Caleb Ewan (Orica-GreenEdge) has already enjoyed a mightily impressive neo-pro season. The recently turned 21-year-old has 11 wins to his name so far in 2015, with three victories at the Michelton Bay Classics series, two each at the Herald Sun Tour and Tour de Langkawi, and four at the Tour de Korea.
Those successes have proved that the excitement surrounding the young sprinter is well placed, but he continues to narrowly miss out on the sort of victory that would represent a defining confirmation of his much-heralded potential. While the wins, so far, have come on the smaller stages, Ewan has also started to rub shoulders with the major stars of the sprinting world, and on a few occasions he has come agonisingly close to getting the better of them.
On the first stage of the Tour de Pologne on Sunday, Ewan went toe-to-toe with Marcel Kittel and only just came off second best. In his second WorldTour race – his first was the Volta a Catalunya, which he abandoned after two stages – he was side-by-side with Kittel going into the 90-degree right-hand corner just 80 metres before the line, but came through slightly worse off and was out-kicked.

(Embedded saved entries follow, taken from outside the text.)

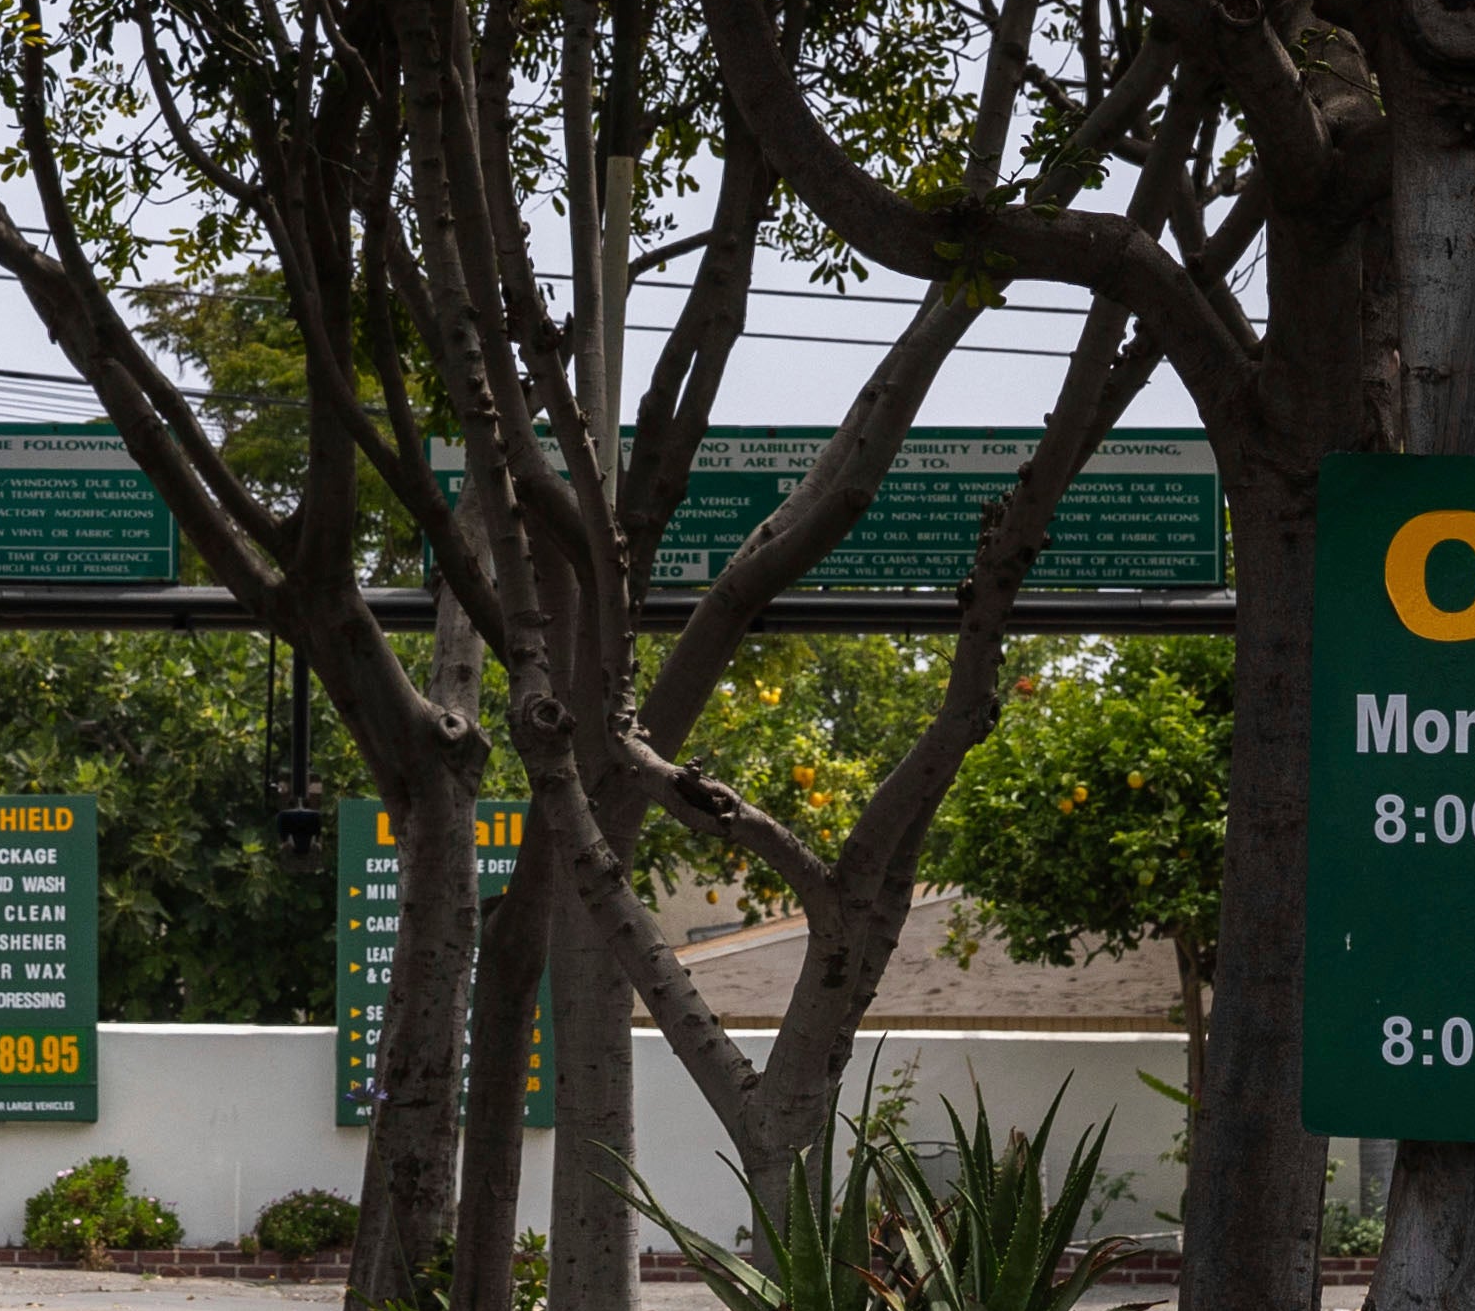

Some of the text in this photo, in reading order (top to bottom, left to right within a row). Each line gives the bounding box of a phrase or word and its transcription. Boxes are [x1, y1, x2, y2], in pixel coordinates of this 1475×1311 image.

[701, 443, 729, 452] NO
[983, 444, 1016, 454] FOR
[699, 457, 777, 467] BUT ARE
[85, 479, 110, 488] DUE
[120, 480, 137, 488] TO
[933, 483, 951, 491] OF
[1130, 483, 1183, 492] DUE TO
[701, 497, 750, 506] VEHICLE
[55, 509, 154, 518] MODIFICATIONS
[1100, 513, 1199, 522] MODIFICATIONS
[23, 877, 65, 893] WASH
[5, 906, 66, 921] CLEAN
[25, 964, 66, 979] WAX
[6, 1102, 33, 1111] LARGE
[35, 1102, 75, 1111] VEHICLES
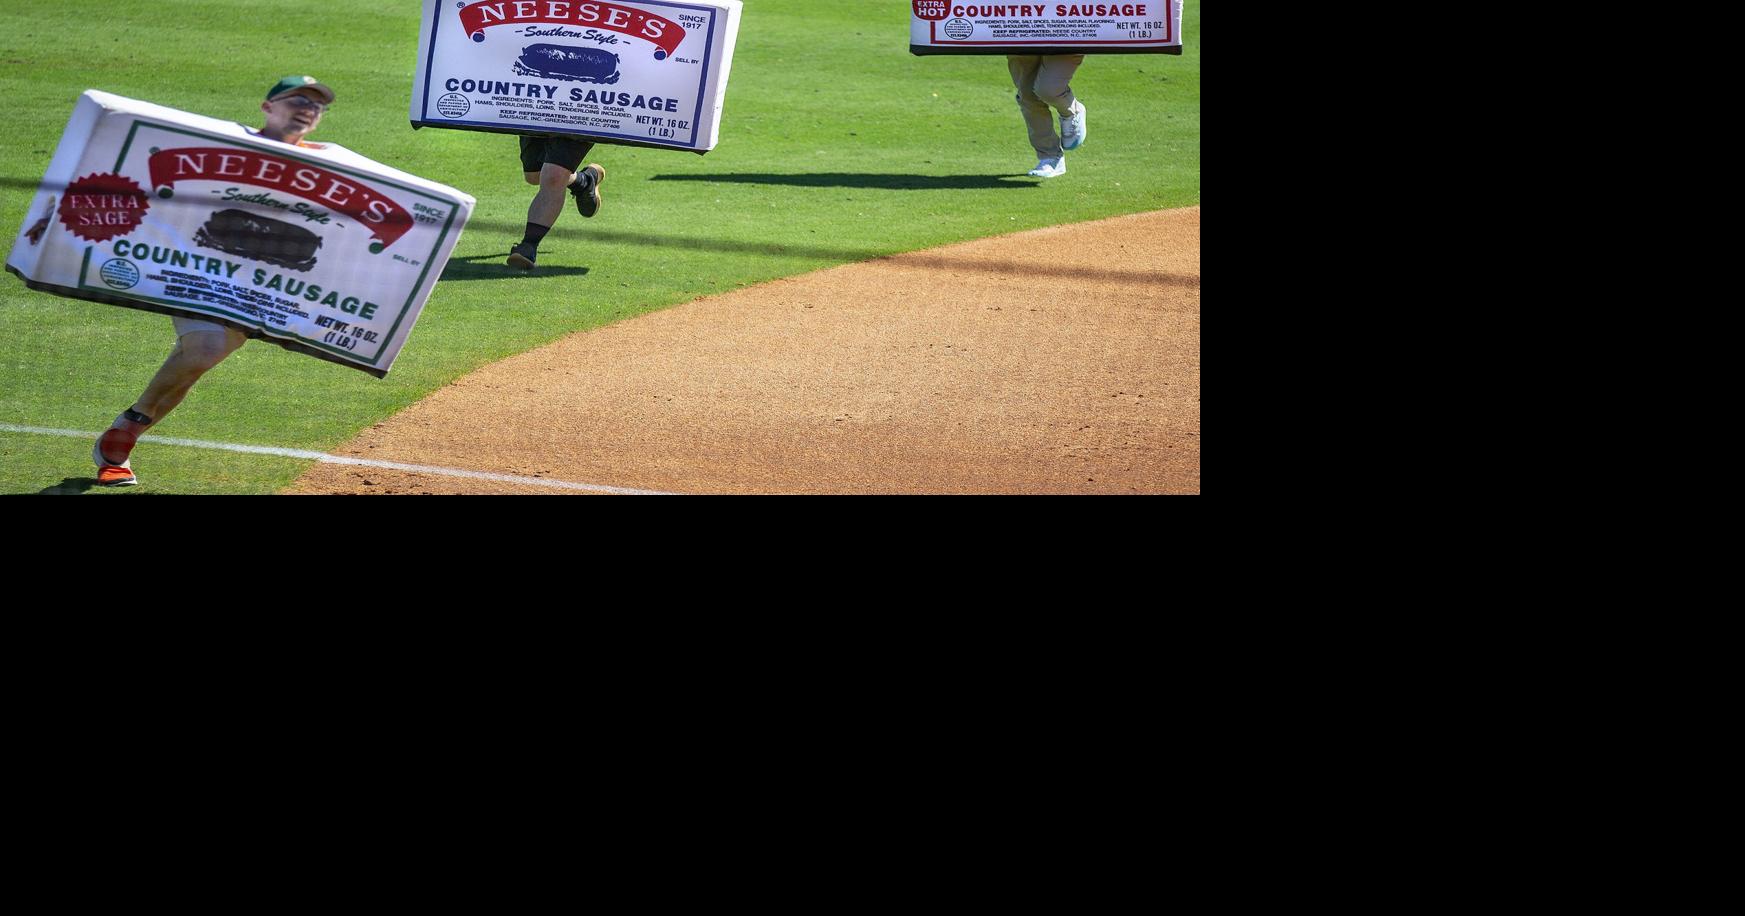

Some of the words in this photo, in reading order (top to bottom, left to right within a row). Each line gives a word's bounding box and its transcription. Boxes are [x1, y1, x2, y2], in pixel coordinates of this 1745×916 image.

[917, 0, 945, 8] EXTRA
[953, 5, 1046, 17] COUNTRY
[1056, 5, 1147, 17] SAUSAGE
[678, 14, 706, 23] SINCE
[918, 8, 946, 17] HOT
[478, 1, 667, 39] NEESE'S
[681, 22, 702, 30] 1917
[1116, 22, 1129, 30] NET
[582, 29, 618, 45] Style
[1138, 30, 1152, 39] LB.)
[675, 56, 690, 64] SELL
[445, 78, 558, 99] COUNTRY
[569, 88, 679, 113] SAUSAGE
[590, 116, 621, 125] COUNTRY
[635, 115, 651, 125] NET
[651, 116, 664, 127] WT.
[667, 118, 676, 128] 16
[677, 120, 690, 130] OZ.
[648, 126, 657, 136] (1
[658, 127, 675, 139] LB.)
[174, 153, 393, 223] NEESE'S
[70, 194, 139, 209] EXTRA
[412, 202, 446, 219] SINCE
[79, 211, 131, 226] SAGE
[414, 213, 438, 225] 1917
[113, 239, 242, 279] COUNTRY
[252, 268, 379, 321] SAUSAGE
[314, 314, 336, 329] NET
[333, 319, 350, 334] WT.
[350, 325, 365, 339] 16
[336, 333, 358, 351] LB.)

“It was a bit disappointing obviously but I got beaten by a quality sprinter and there wasn’t much I could do,” Ewan told Cyclingnews.
“That corner was so close to the finish, I knew if I had any chance of winning I had to get in there first so it was a little bit risky but yeah, we both got around unscathed. I went in there really, really fast so I probably went in there too fast and had to break going through the corner, which I would have lost a bit of speed, but I think my biggest problem there was that I was way too over-geared coming out of it.

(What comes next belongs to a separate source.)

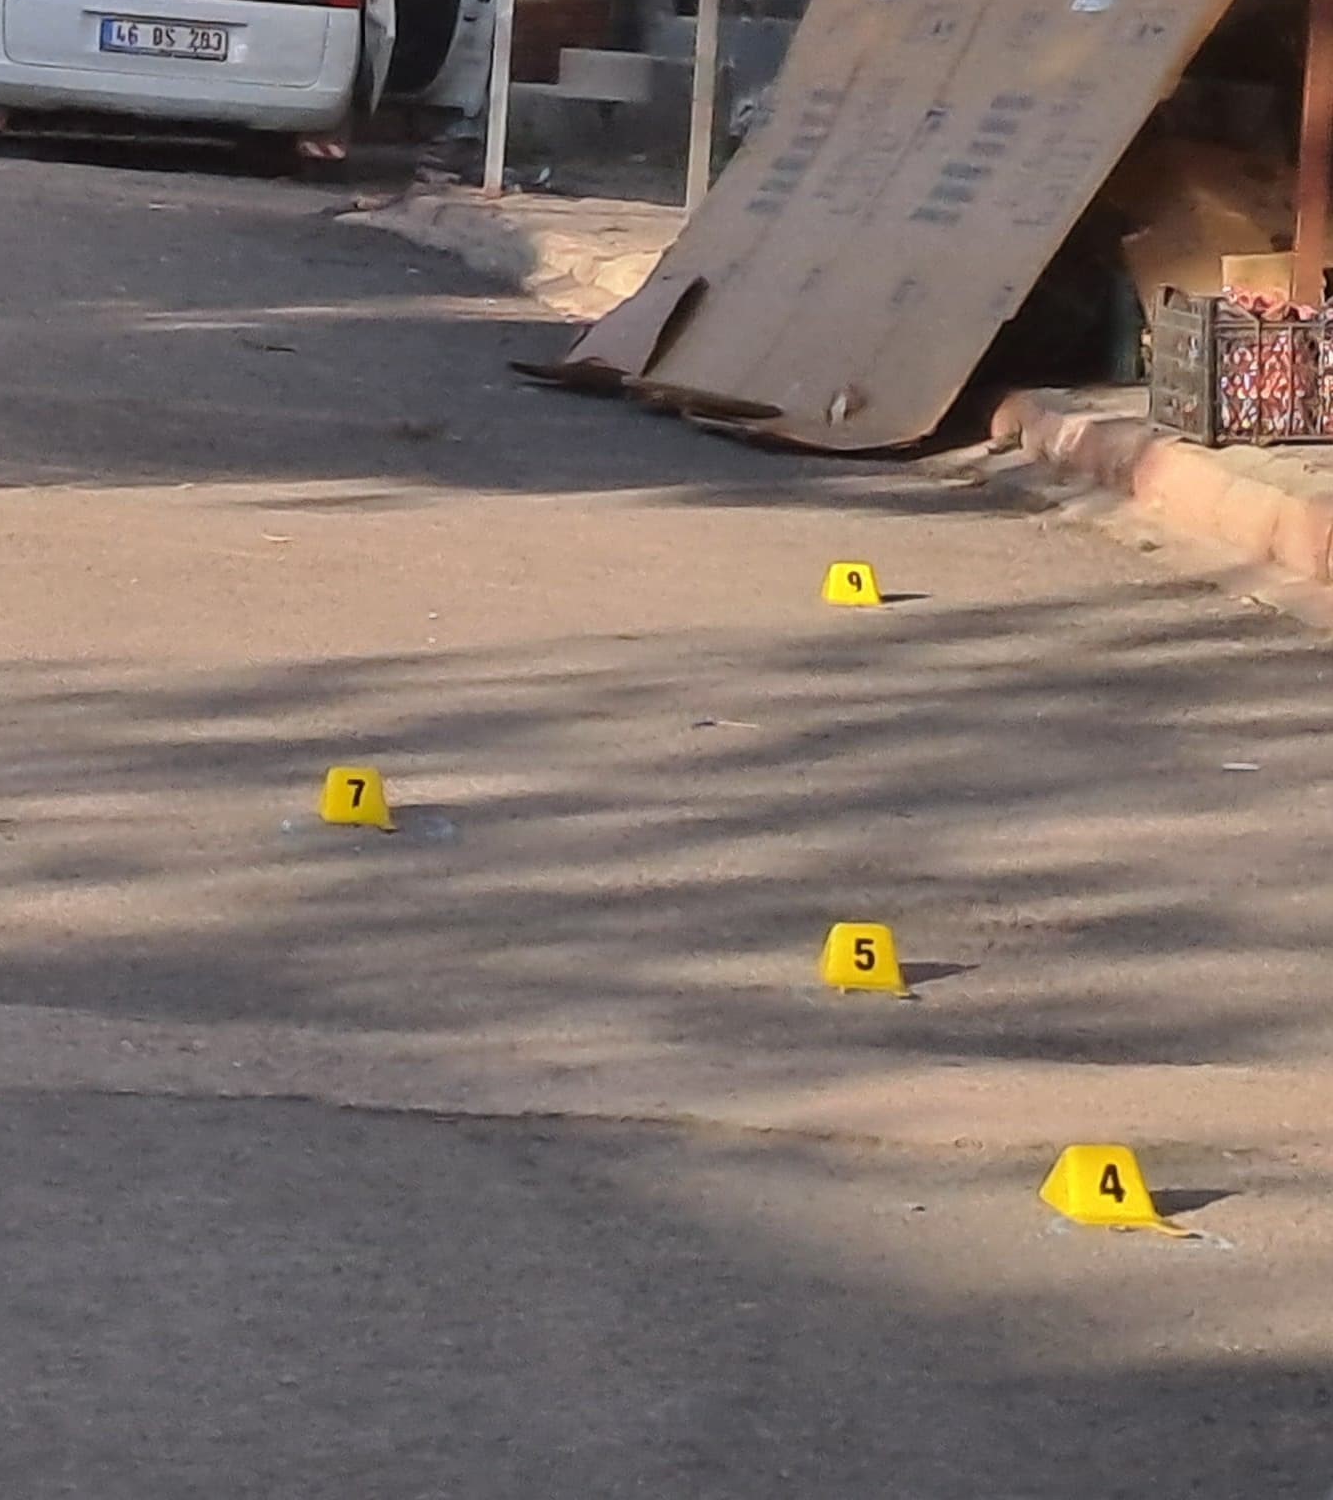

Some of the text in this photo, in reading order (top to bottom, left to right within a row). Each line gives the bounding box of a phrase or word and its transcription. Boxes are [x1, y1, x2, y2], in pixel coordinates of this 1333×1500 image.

[846, 571, 863, 593] 9
[346, 778, 366, 809] 7
[853, 938, 876, 972] 5
[1099, 1163, 1127, 1203] 4

“If I could do it again I’d be in a smaller gear but other than that there wasn’t much I could do. He was too strong in the end and came round me.”
Kittel joins Mark Cavendish and Alexander Kristoff as figures from the top echelons of sprinting to have been made to sweat by Ewan in recent months. At the Tour of Turkey, a photo finish gave Cavendish the opening stage win, while at the Tour of Norway, in May, Ewan was second behind Kristoff on the opening two stages.
While it is frustrating to come so close, these encounters have been formative for Ewan, who is still in the early stages of his learning curve and only started working with a lead-out train at the start of the year.
“It gives me a bit of confidence I can come so close to them in my neo pro year - hopefully in a year or two I can be up there beating them,” he said.
“I haven’t beaten any of the big guys yet. I’ve gone second to Kristoff as well a few times. Hopefully soon I can beat one of them.”